Using Multisensory Interventions to Address Anxiety, Agitation, and Pain in Adults Receiving Treatment for a Substance Use Disorder
Keywords:multisensory environment, multisensory interventions, recreational therapy, residential treatment, substance use disorder
This study examined the impact of activity-based multisensory-interventions (MSI) provided in a multisensory environment (MSE) on anxiety, agitation, and pain in adults receiving residential treatment for substance use disorder (SUD). Participants (N = 35) were randomly assigned to two groups and all received four, 30- to 45-minute individualized recreational therapy (RT) sessions over the course of two weeks during their residential stay. The experimental group participated in MSI in a MSE. A comparison group participated in RT sessions using table games (TG). Targeted outcomes were assessed using standardized, self-report measures and physiological data. Pre-and post- session assessments revealed significant reduction in anxiety, agitation, and pain, for individuals in both groups.

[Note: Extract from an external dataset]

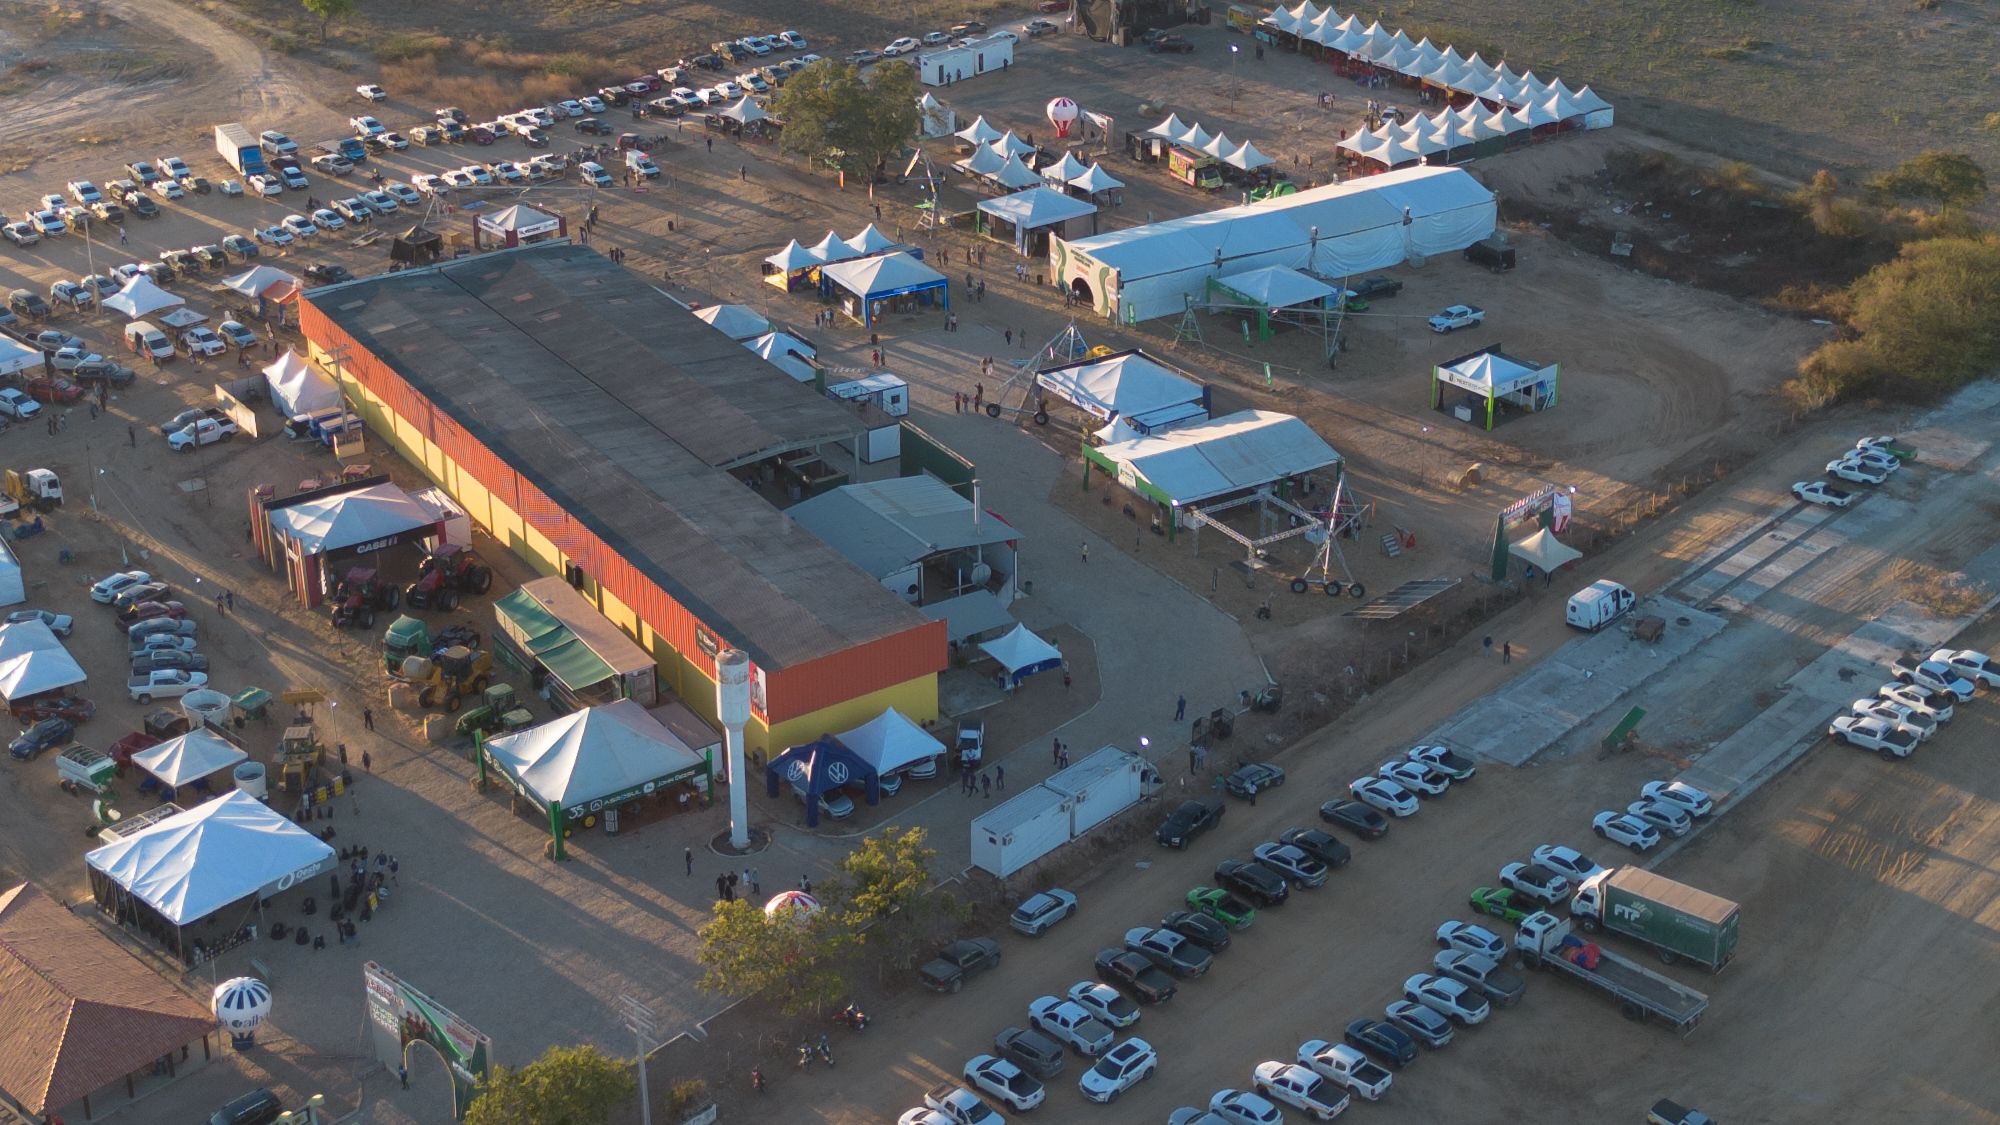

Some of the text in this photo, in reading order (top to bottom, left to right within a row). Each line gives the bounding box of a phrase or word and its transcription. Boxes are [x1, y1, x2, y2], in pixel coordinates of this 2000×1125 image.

Between groups comparisons documented a significant main effect for treatment (MSI, TG) on anxiety (p <.001), agitation (p = .03), and pain (p = .05) measures with significantly greater symptom reduction for the MSI group. Individuals receiving MSI also presented with significantly reduced respiration rate following the intervention (p <.01). Heart rate changes were non-significant for both groups. A participant survey at the conclusion of sessions yielded feedback that all individuals who received the MSI (n = 18) reported these sessions were a valuable addition to their SUD treatment.